- change ups
Several looming factors signal economic caution
Think the heart of the economy in West Michigan and the nation is beating stronger? Economist Brian Long sees signs of a positive growth, but cautions it’s premature to break out the party hats.
On the plus side, Grand Rapids’ gross domestic product is up 2.3 percent, truck shipments are on the rise, U.S. nonfinancial domestic corporate profits rose to more than $9 trillion in 2012, and factory orders for nondefense capital goods, excluding aircraft, reached $60 billion, according to Long, director of supply management research at Seidman College of Business at Grand Valley State University. Long spoke March 12 at an Institute for Supply Management Greater Grand Rapids Affiliate-sponsored forum held at GVSU’s DeVos Center.
What’s more,auto sales are inching upward and consumer confidence is bolstered, said Long.
The regional labor market in West Michigan has seen an uptick in employment, but at a very slow pace since the Great Recession. For 2012, employment was projected to grow at an average of 1.5 to 2 percent. Actual employment growth was much faster.
“It appears the slow growth we’ve hoped for has continued,” Long said. “The smaller companies are holding us back (with employment). So, too, is a skill gap. There were 100,000 jobs in Michigan that didn’t have applicants to fill (them).”
It’s still too early to predict how much of a factor Michigan’s newly minted Right to Work law will play in its economic and employment health, Long added.
“Seventy percent of companies will not consider looking at a state that’s not Right to Work,” he said. “Right now, there’s a flood of inquiries. Unions will have to prove their worth. If they don’t, their members will not stick around.”

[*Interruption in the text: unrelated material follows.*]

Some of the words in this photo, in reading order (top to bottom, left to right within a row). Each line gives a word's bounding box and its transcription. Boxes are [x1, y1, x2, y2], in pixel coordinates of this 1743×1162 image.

Courtroom challenges that will determine if the Right to Work law is constitutional will translate into many corporations adopting a wait-and-see stance before making a final decision to expand or locate in the Mitten State, said Long.

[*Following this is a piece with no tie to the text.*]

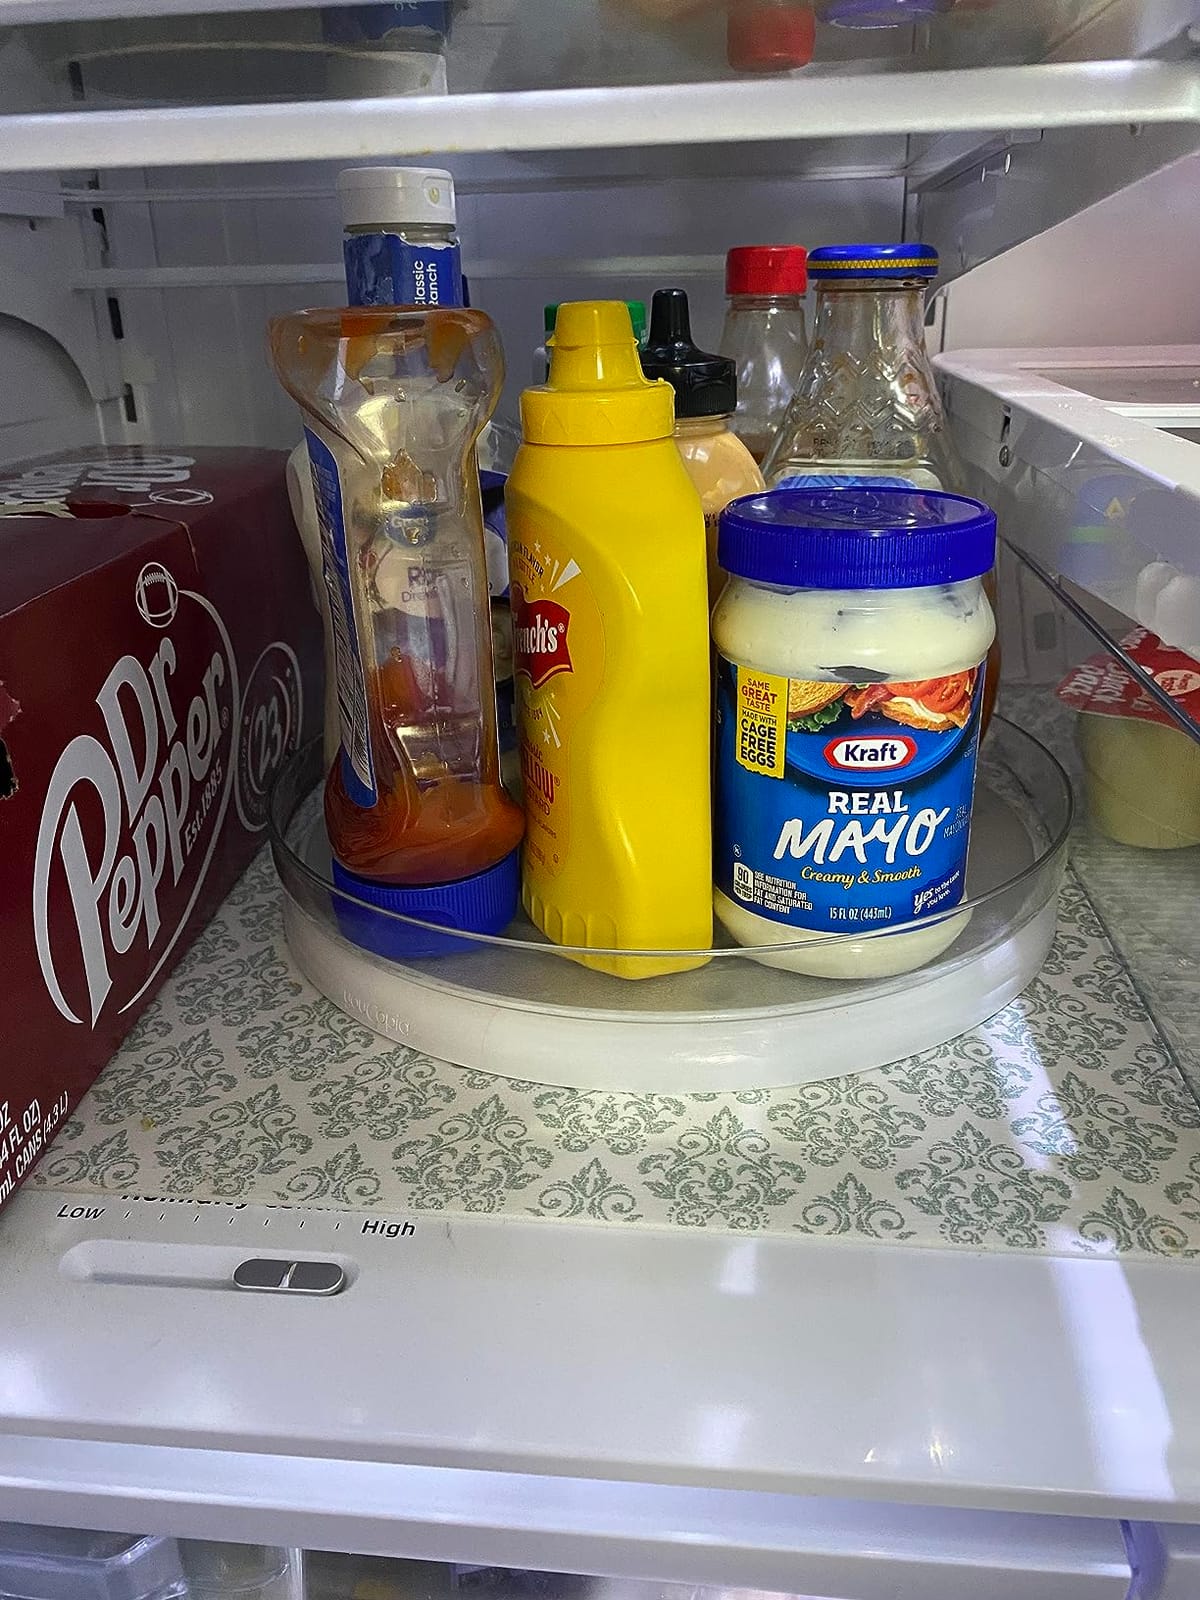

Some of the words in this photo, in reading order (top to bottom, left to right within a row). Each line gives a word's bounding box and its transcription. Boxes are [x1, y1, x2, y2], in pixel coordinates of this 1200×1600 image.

“It’s a three- to five-year process,” he said. “Some of these companies want to make sure it’s a positive for the state of Michigan.”
While Michigan and the nation have shrugged off some of the Great Recession’s economic doldrums, the U.S. is not out of the woods yet.

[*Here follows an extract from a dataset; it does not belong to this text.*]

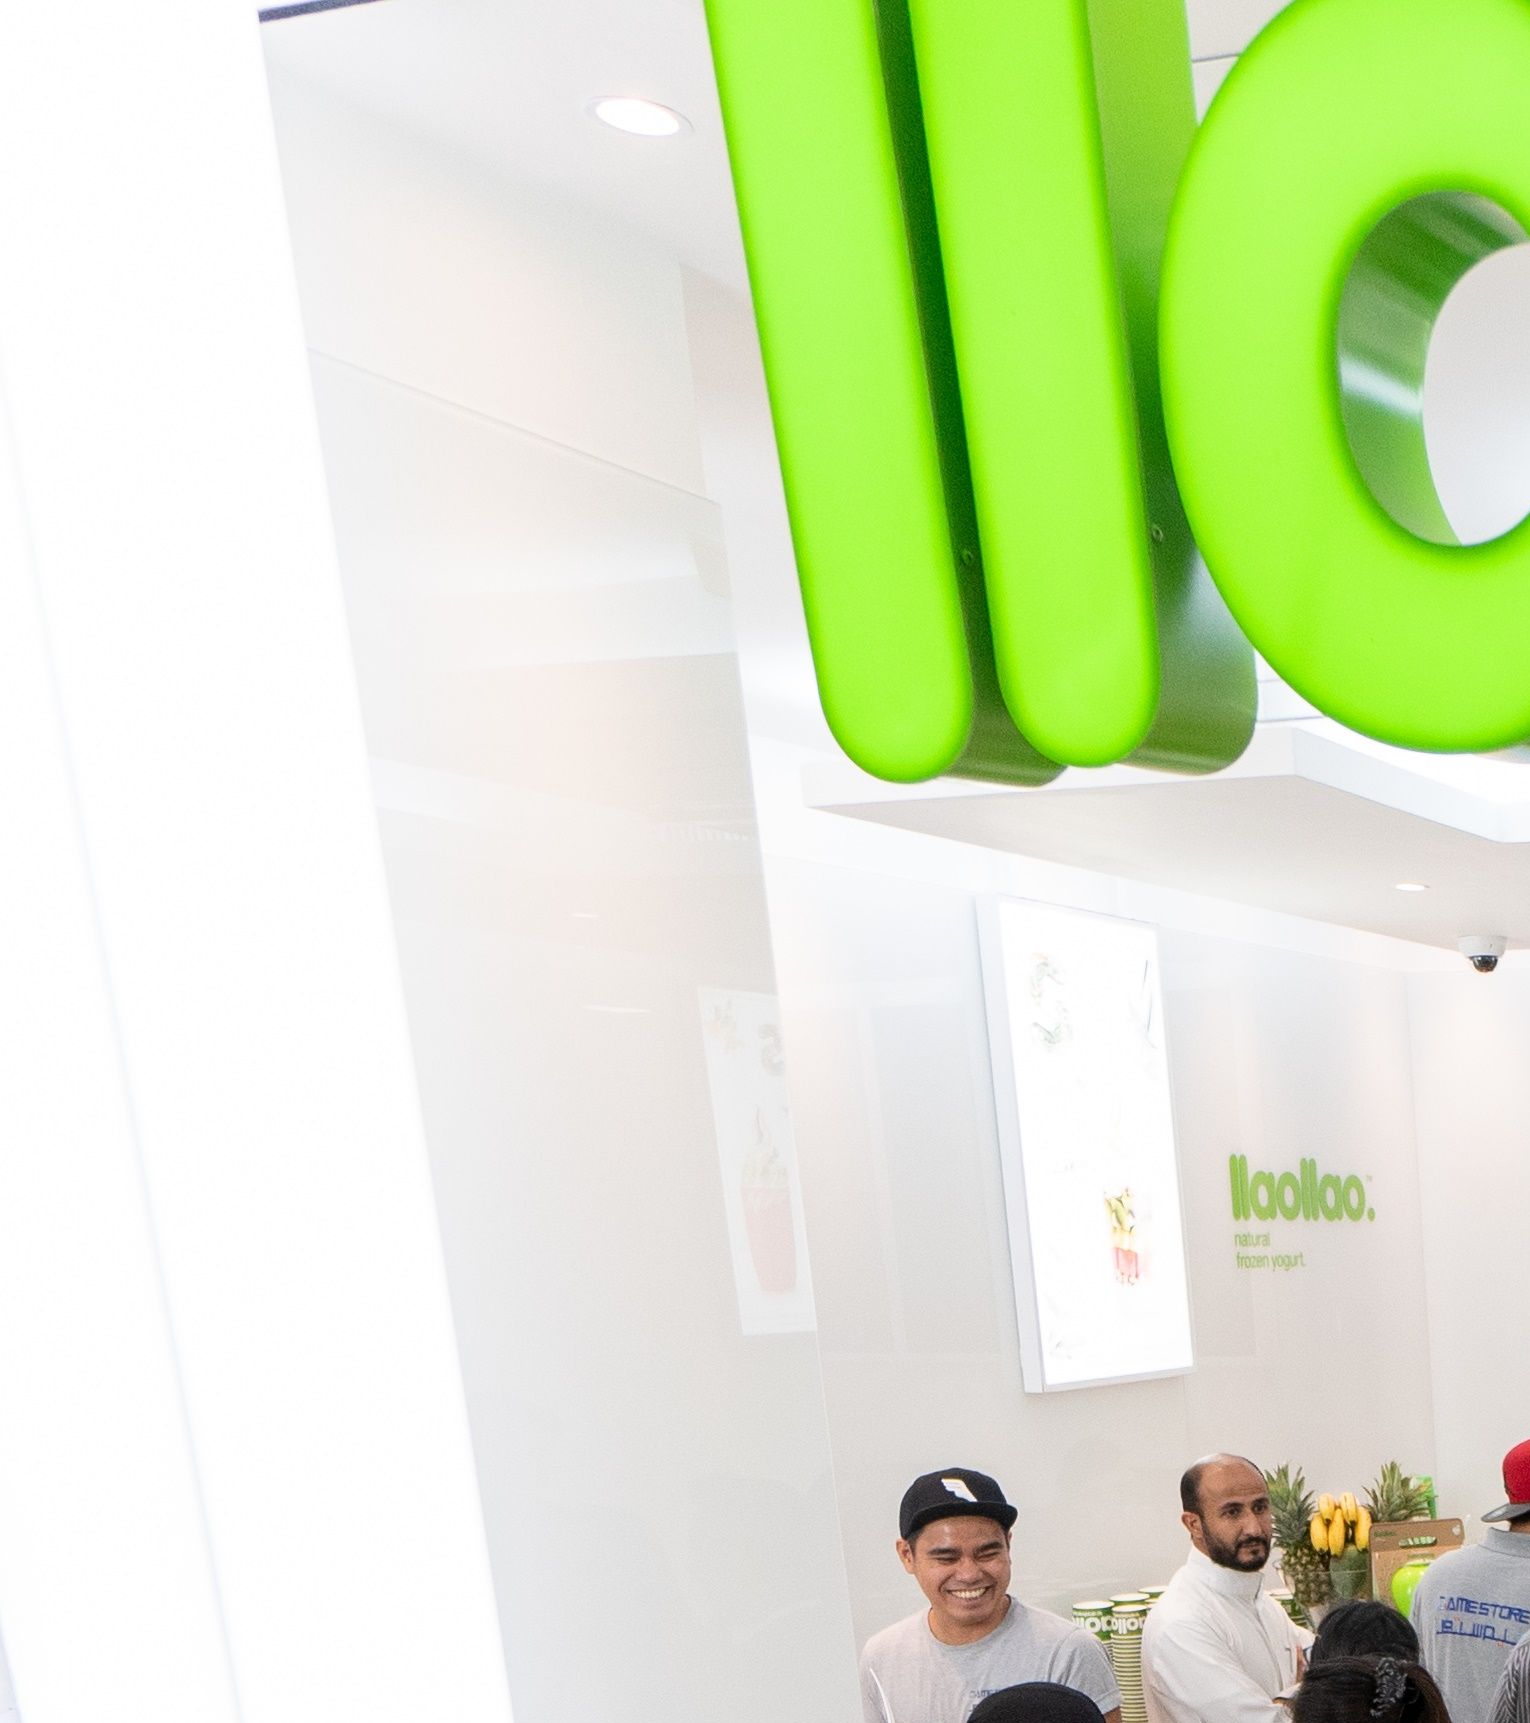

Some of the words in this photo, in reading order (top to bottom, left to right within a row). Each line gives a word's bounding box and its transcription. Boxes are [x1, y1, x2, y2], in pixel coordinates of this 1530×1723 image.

[1234, 1232, 1270, 1247] natural
[1236, 1252, 1269, 1269] frozen
[1271, 1252, 1306, 1271] yogurt

The financial situation in Europe remains one of the greatest threats to the world economy, as well as to the national, state and local economies, according to Long. Greece continues to be the largest concern. Over the last half of 2012, money streamed out of the Greek banks “at an alarming rate.” Many Greeks continue to believe raising taxes on the rich will solve their economic woes, but the wealthy are moving their money out of the country.
Barring the Eurozone’s complete collapse, however, Long said to expect slow growth to continue in West Michigan for 2013.
“The good thing about the situation is things are starting to stabilize in Europe — that is, money is starting to stay in the country.”
Another major uncertainty remains with the implementation of the Affordable Care Act, which Long termed “the new unfunded entitlement.” Obamacare, as it’s become known, requires new regulations and new taxes on businesses, and reaction to the new legislation is difficult to assess.
Long said some dates to remember are March 27, which is when the continuing resolution to fund the federal government ends and the government is scheduled to shut down, as well as May 18, when the debt ceiling agreement expires.
“With Washington, you just don’t know how it’s going to unfold and how this game of chicken is going to turn out this time,” said Long. “The problem with kicking the can down the road is eventually you run out of road.”